=== Exercise goal ===
Without the images, output every record exactly as it appears.

(Referring expression grounding data)
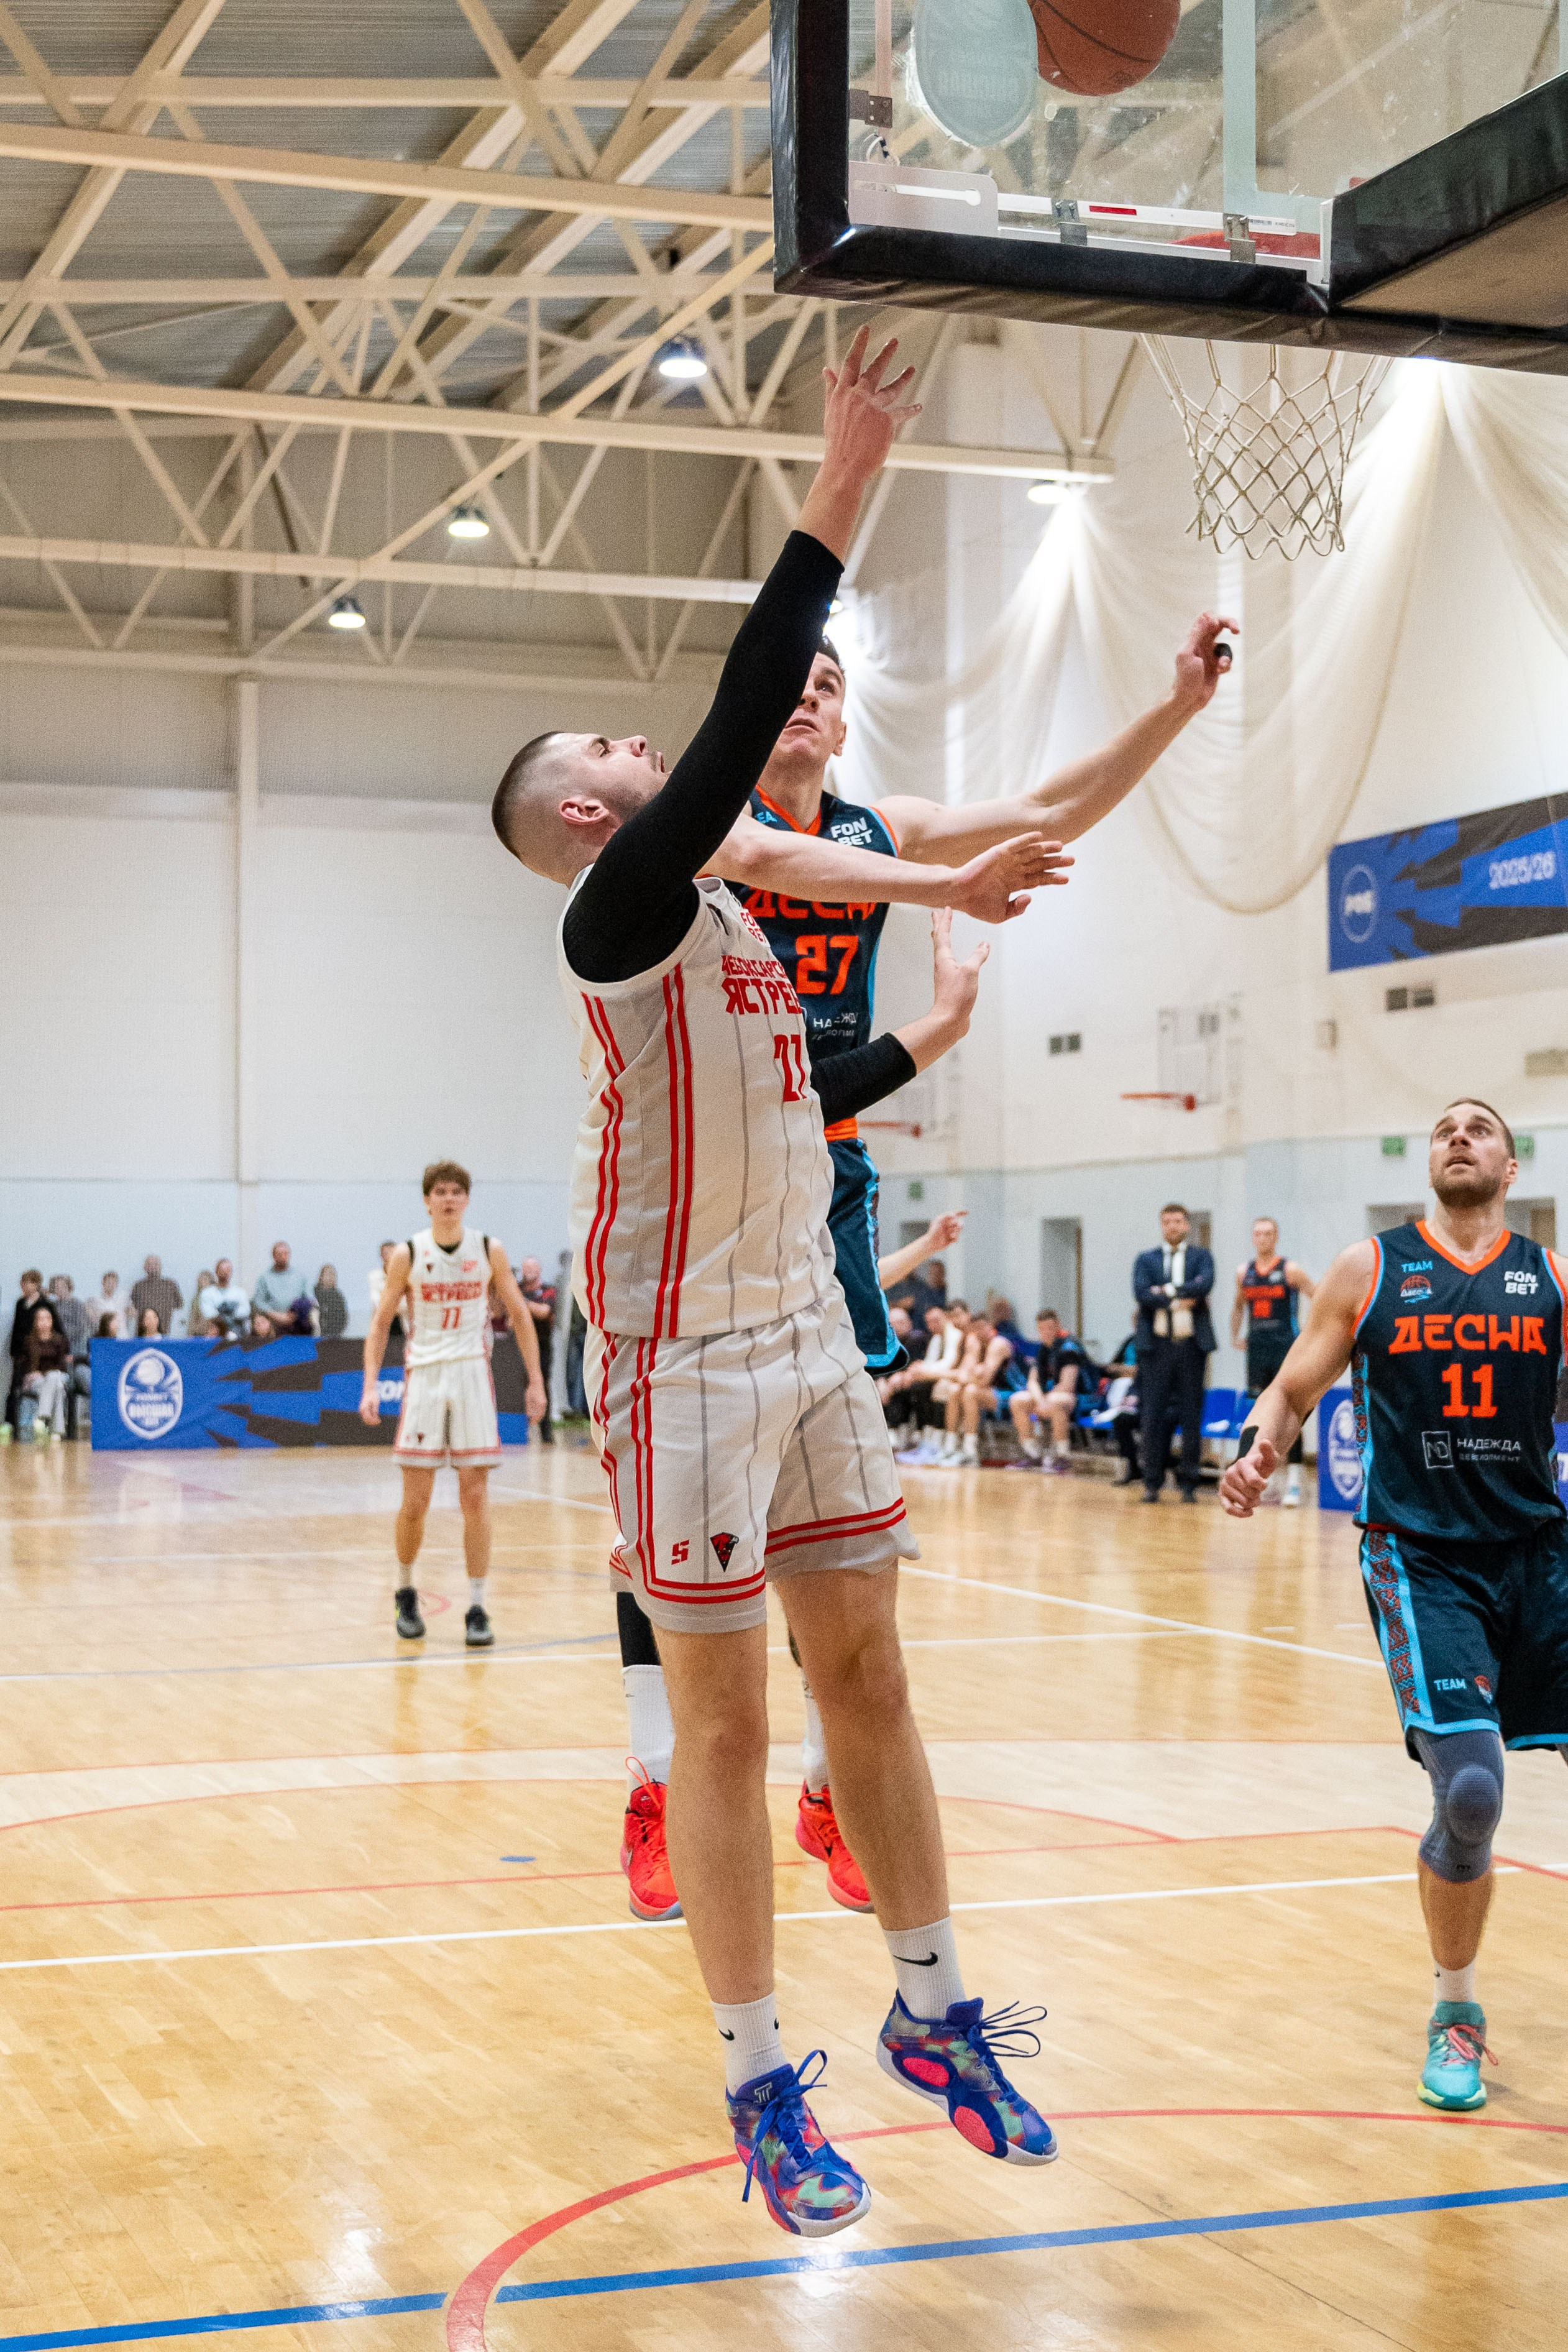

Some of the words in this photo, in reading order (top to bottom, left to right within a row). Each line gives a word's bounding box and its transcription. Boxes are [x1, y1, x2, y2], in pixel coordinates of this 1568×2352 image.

[754, 811, 777, 824] EA
[831, 817, 868, 838] FON
[838, 830, 873, 846] BET
[740, 912, 756, 927] FO
[795, 935, 859, 995] 27
[1401, 1261, 1433, 1273] TEAM
[1504, 1270, 1537, 1283] FON
[1505, 1282, 1538, 1295] BET
[1388, 1313, 1547, 1355] ДЕСНА
[1441, 1363, 1498, 1418] 11
[1457, 1438, 1522, 1452] НАДЕЖДА
[1434, 1678, 1467, 1691] TEAM

=== Solution ===
Some of the words in this photo, in reading order (top to bottom, left to right within a row). Each line gives a word's bounding box and its transcription. Boxes are [x1, y1, x2, y2], in pixel coordinates of this 1568×2352 image.

[754, 811, 777, 824] EA
[831, 817, 868, 838] FON
[838, 830, 873, 846] BET
[740, 912, 756, 927] FO
[795, 935, 859, 995] 27
[1401, 1261, 1433, 1273] TEAM
[1504, 1270, 1537, 1283] FON
[1505, 1282, 1538, 1295] BET
[1388, 1313, 1547, 1355] ДЕСНА
[1441, 1363, 1498, 1418] 11
[1457, 1438, 1522, 1452] НАДЕЖДА
[1434, 1678, 1467, 1691] TEAM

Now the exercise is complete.